The two major predictors of post-Tx employment (identified both in the literature and in our data set), i.e., being employed pre-Tx and living donor were analyzed in more detail in a second stage: Pre-Tx employment status was investigated as a function of sex, age, income, education, SPH pre-Tx, depression pre-Tx, diabetes, and time since first dialysis assessed at inclusion in the cohort study (Analysis II).

Donor type (living vs. deceased) was modeled as a function of the same variables as mentioned above with the exception of time since first dialysis. Additionally, the pre-Tx employment status and waiting time was integrated as predictor variable (Analysis III).


Pre-Tx employment status was defined as being employed, i.e., actively working in the labor market in a paid position (independent of the workload) or not employed, i.e., not being active in the paid labor market at the time of inclusion in the cohort based on self-reports. Since the focus of this study was on paid work, housewives/-men and students were considered as not employed. Post-Tx employment status was defined identically but referred to the time 12 months after kidney Tx.

Age (18–35, 35–45, 45–55, 55–65) and the current monthly income of the household after tax deductions were considered in 4 categories (< 4 500 CHF, 4 500–6 000 CHF, 6 001–9 000 CHF, > 9 000 CHF). Education was assessed in three categories (no professional education [no finished school or nine years of mandatory school]), professional education [apprenticeship, diploma qualifying for admission to university, mastery level diploma and federal diploma], higher professional education [higher technical or commercial school and University degree]). SPH was assessed with a visual analog scale at the time of filling out the psycho-social questionnaire (0 being the worst state imaginable and 100 being the best state) and considered in two categories with a cut-off point at 75. Depression was based on the HADS [21]. For the purpose of this study we only used the depression subscale consisting of seven items to be answered on a scale ranging from 0 to 3 yielding a total score from 0 to 21 for which we used a cut-off point at 7.

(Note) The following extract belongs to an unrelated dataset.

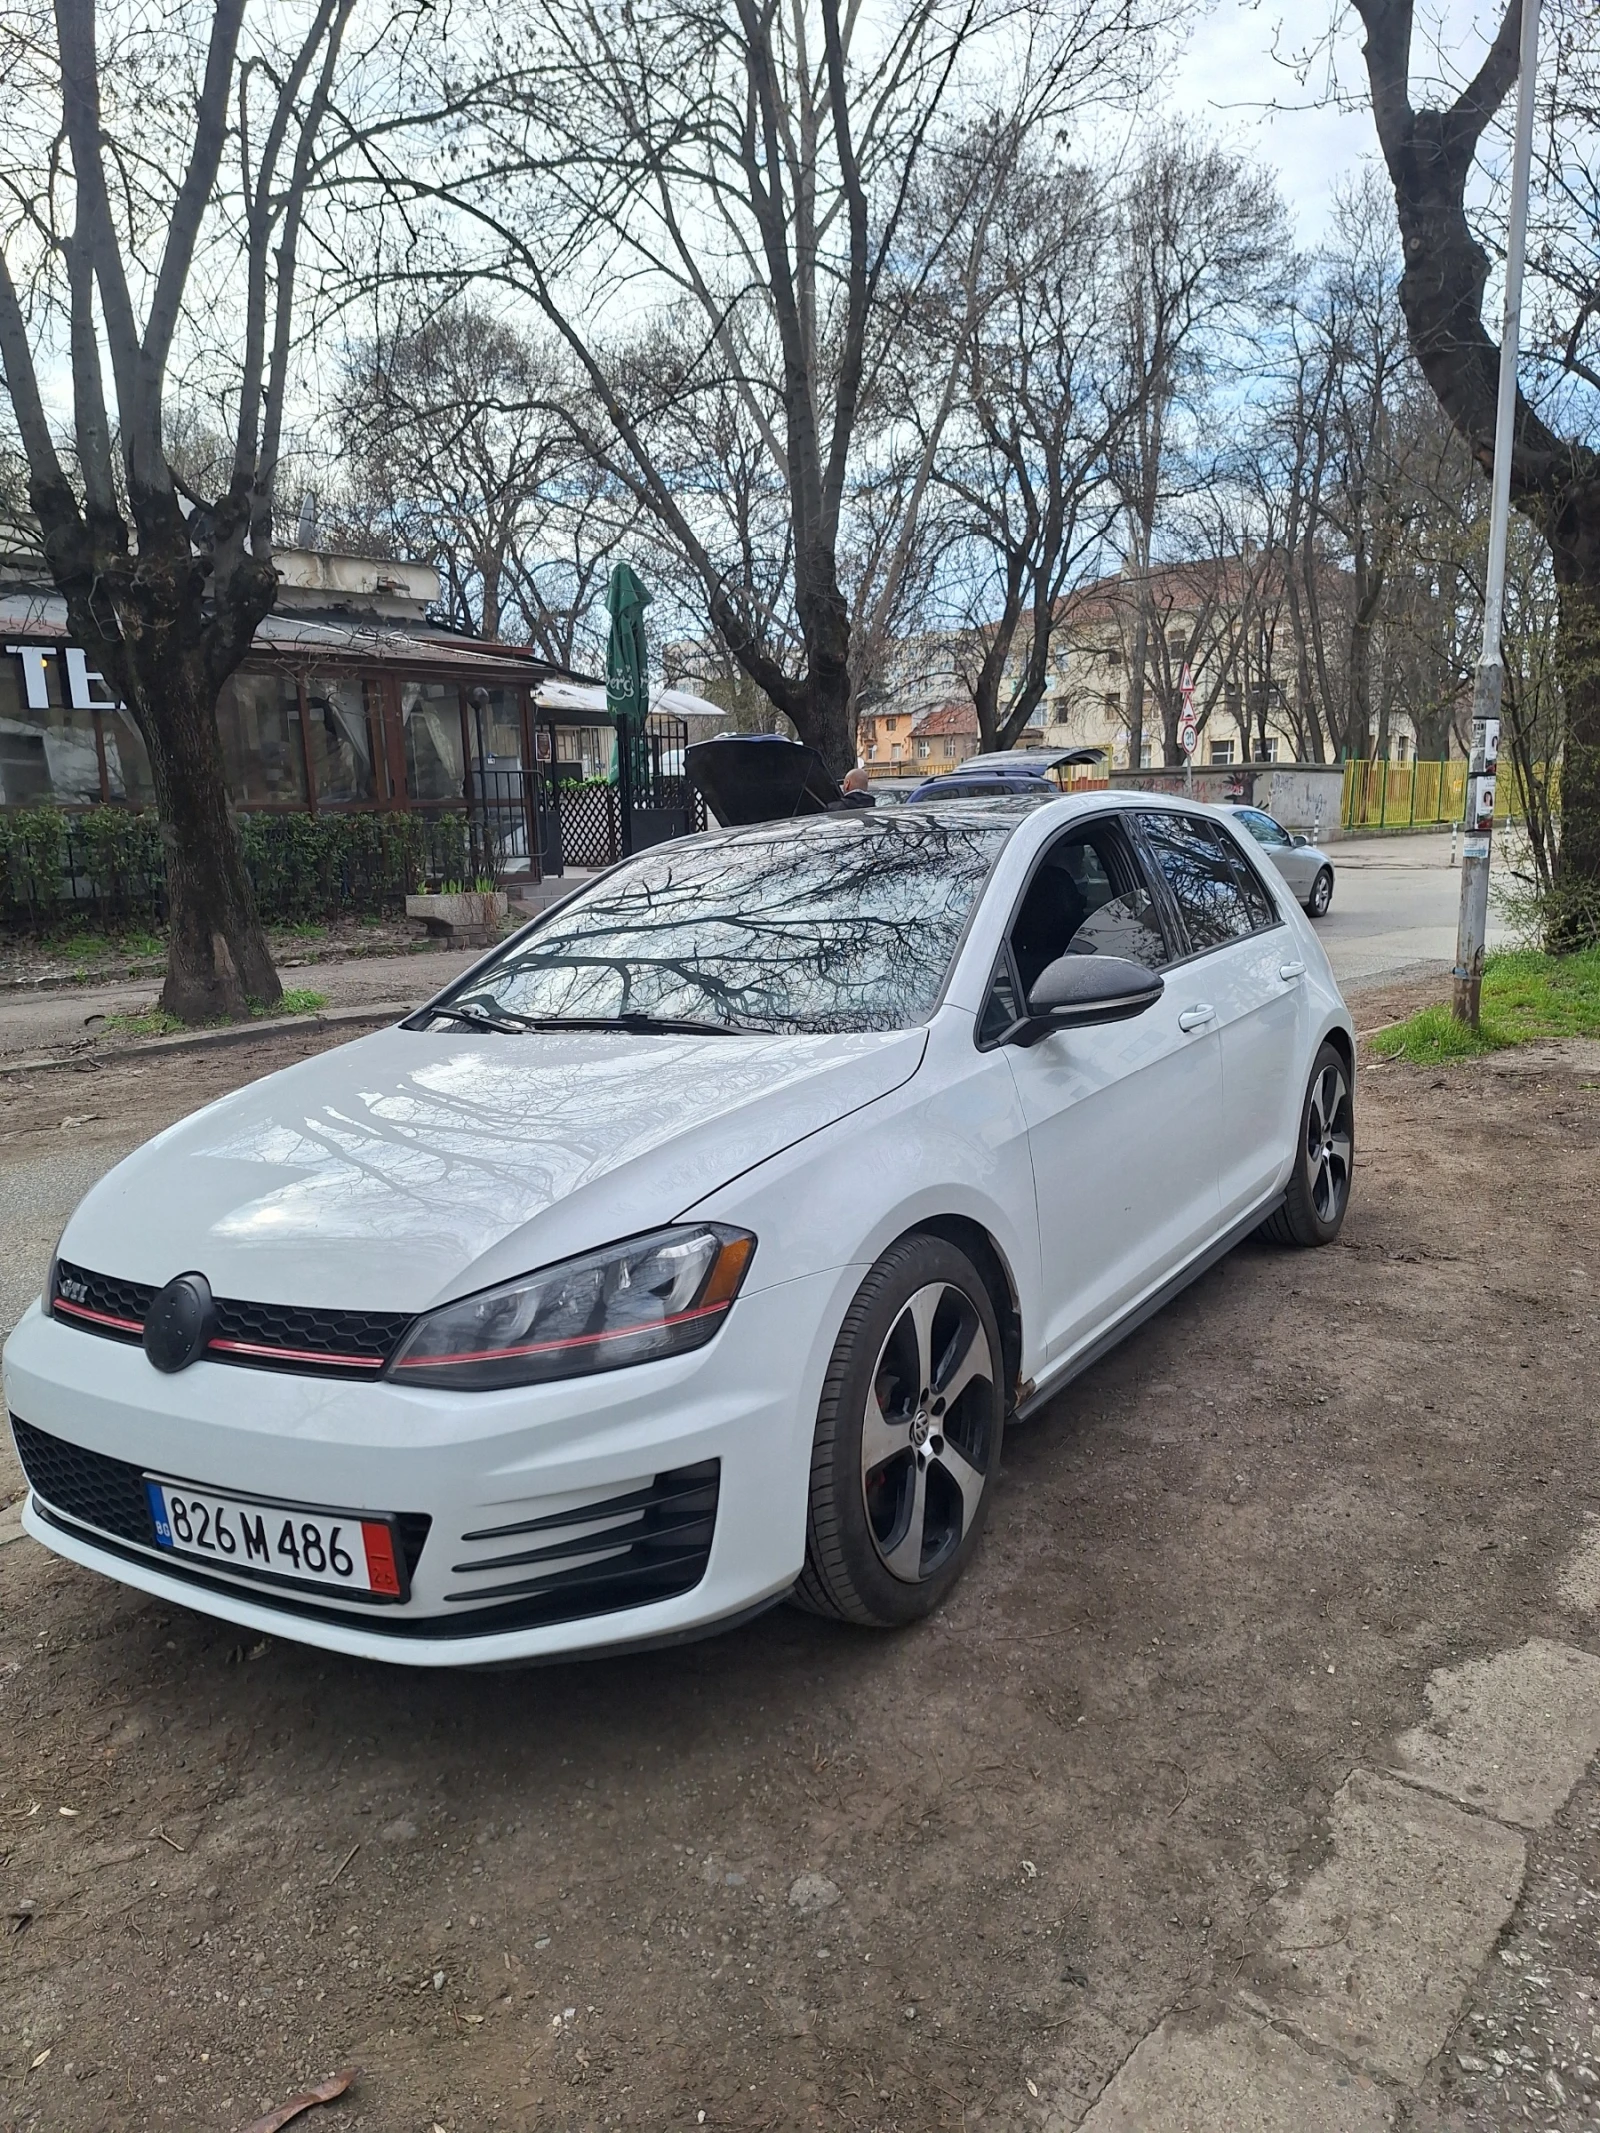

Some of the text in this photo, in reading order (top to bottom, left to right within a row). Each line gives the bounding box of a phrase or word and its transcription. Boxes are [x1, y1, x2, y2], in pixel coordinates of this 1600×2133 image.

The following variables have been taken from the medical database: rejection (yes, no), waiting time until Tx (< 1.5 years; 1.6–4.5 years), diabetes (yes, no), living donor (yes, no). Waiting time until Tx represents the time since inclusion in the cohort study until Tx. Finally, time since first dialysis at inclusion was considered in three categories: none or less than one year, from 1 to 3 years, and more than three years.

Statistical methods

The three analyses were based on logistic regression models. In a first stage, all independent variables were assessed each at a time in a simple regression. In a second stage, the statistically significant variables were included jointly in a multiple regression analysis and a backward selection procedure was applied in order to select a parsimonious model by dropping sequentially all non-significant variables from the model. Furthermore, all first order interactions in the three different regressions were analyzed. Given that the level of education and income were highly correlated, we considered only level of education in the multiple regression models as the number of missing values for income was much higher. All statistical significances were considered at a 5% level.


Employment status 12 months post-Tx (Analysis l)

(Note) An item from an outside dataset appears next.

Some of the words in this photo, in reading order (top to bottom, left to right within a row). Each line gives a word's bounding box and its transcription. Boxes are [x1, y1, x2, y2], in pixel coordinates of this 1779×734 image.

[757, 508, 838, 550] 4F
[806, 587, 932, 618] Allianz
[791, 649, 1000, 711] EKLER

Of the 689 patients, 387 (56.2%) were employed 12 months after kidney Tx compared to 58.9% who worked pre-Tx. The main reason for not working were illness (31.1%), invalidity pension (26.5%), pre-retirement (20.9%), housewife/-man (13.9%), other reason (3.3%), unemployed (2%), missing (2%), and in education (0.3%).

Table 1 shows the descriptive results of the considered predictor variables of being employed and not employed 12 months post-Tx in kidney patients, as well as the simple and the multiple regression models. In the multiple regression model, being younger, having higher professional education, having better SPH 6 month post-Tx, receiving a kidney from a living donor and being employed pre-Tx were shown to significantly contribute to employment 12 months post-Tx. Waiting time and diabetes were only significant in the simple regression. Sex and rejection did not even reach statistical significance in the simple regression analysis.

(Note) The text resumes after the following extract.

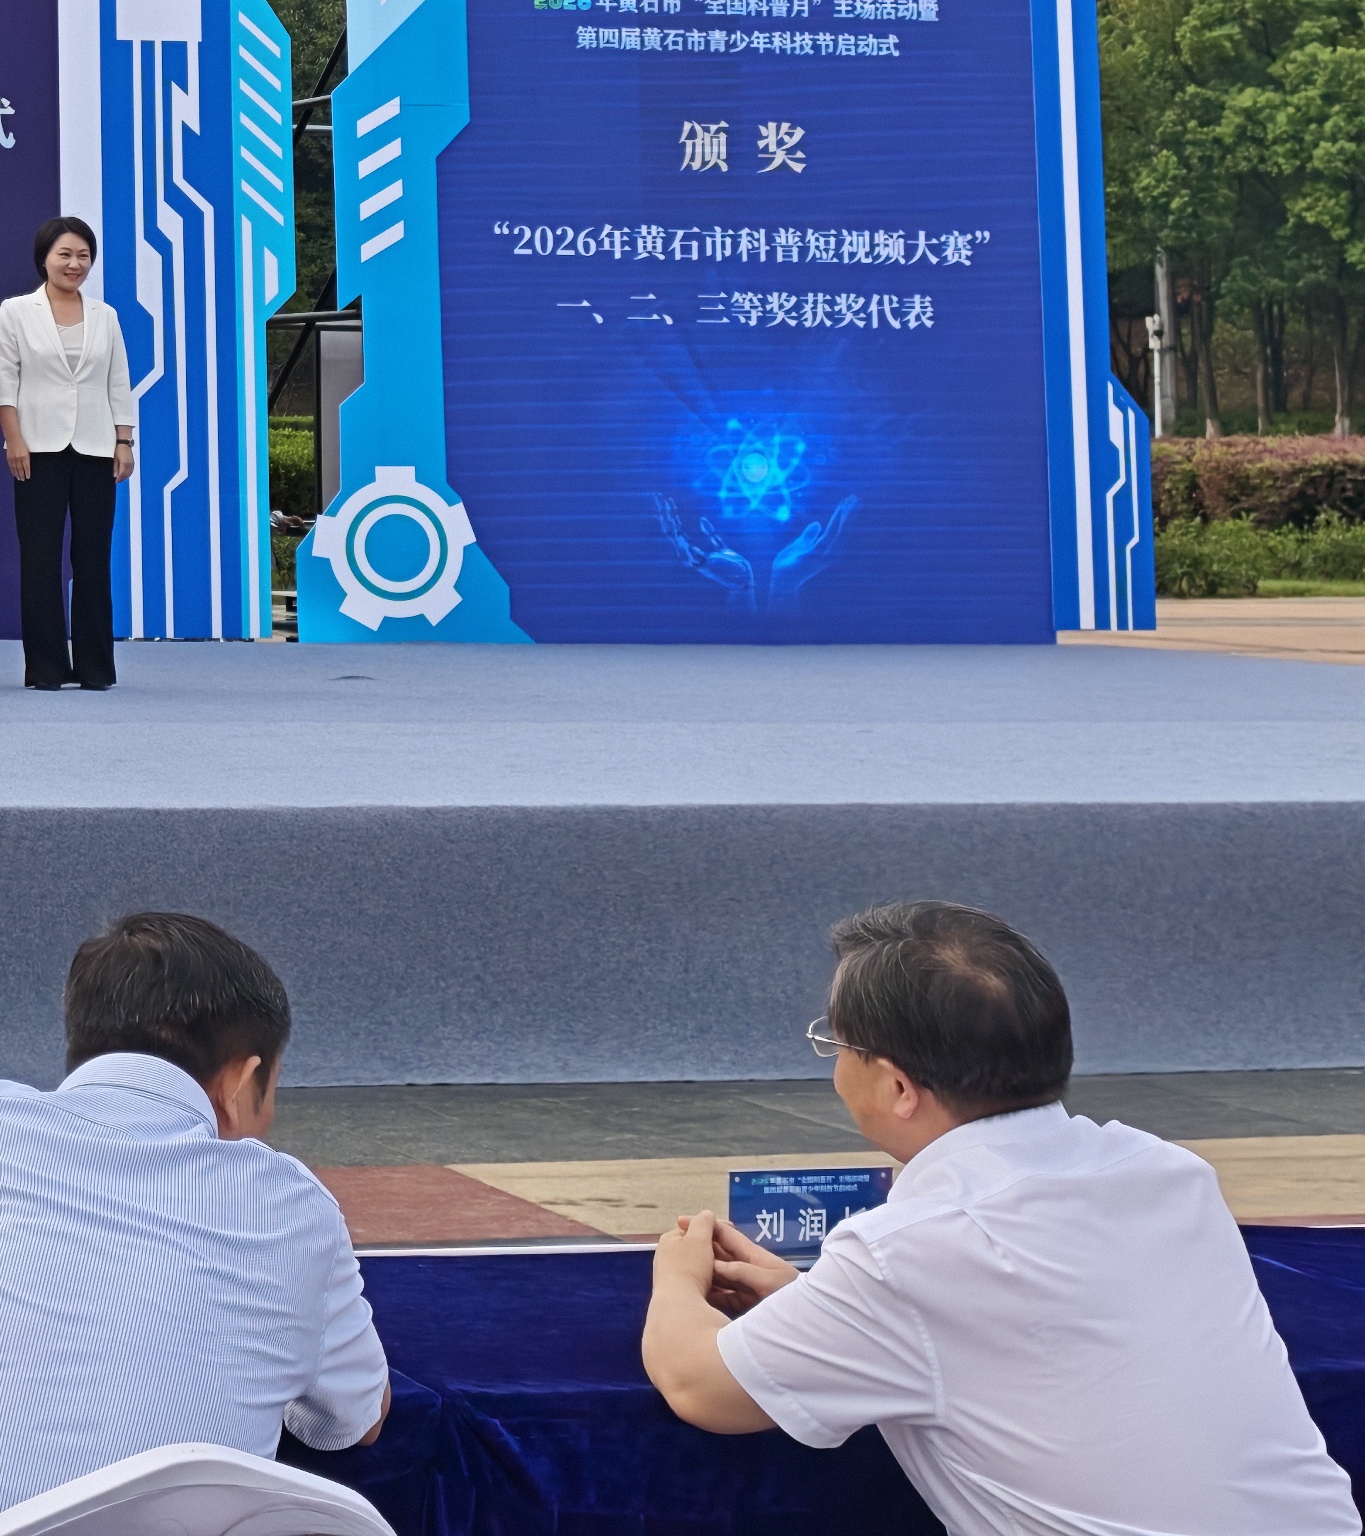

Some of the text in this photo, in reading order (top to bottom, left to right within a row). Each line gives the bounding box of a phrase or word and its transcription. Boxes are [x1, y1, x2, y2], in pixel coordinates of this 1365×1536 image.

[576, 24, 900, 57] 第四届黄石市青少年科技节启动式
[493, 221, 991, 266] “2026年黄石市科普短视频大赛”
[755, 1207, 867, 1242] 刘润

Table 1. Predictors of employment status 12 months post-Tx in all kidney patients (descriptive results and logistic regression analysis).

Among all tested first order interactions, only the interaction between SPH 6 months post-Tx and age became significant (p = 0.04). In the youngest age class, SPH had a stronger effect on employment than in the older age classes.

Pre-Tx employment status (Analysis ll)

As pre-Tx employment status was shown to be the most important predictor (OR = 26.6) for employment 12 months after kidney Tx in Analysis I, Table 2 shows the influencing factors of pre-Tx employment status. In the simple regression analysis, being a male, being between 35–45 years old, having an income higher than 4 500 CHF, having a higher education, having a higher SPH score and a lower depression score pre-Tx, and time since first dialysis less than a year are factors associated with patients more likely to be employed than not employed pre-Tx. Sixty-two percent of the patients received hemodialysis (1% of them as homedialysis), 16% peritoneal dialysis, 17% none and 5% were missing. The type of dialysis was not associated with the pre-Tx employment status. In the multiple regression model, being male, being younger, having higher education, having lower depression scores, and having a shorter time since first dialysis were found significantly associated with being employed pre-Tx measured at study inclusion time. Among all tested first order interactions only the interaction between SPH and depression became significant (p = 0.02). More precisely, among patients with higher depression scores the chance to be employed pre-Tx increased with increasing SPH. This association was not found for patients with low depression scores.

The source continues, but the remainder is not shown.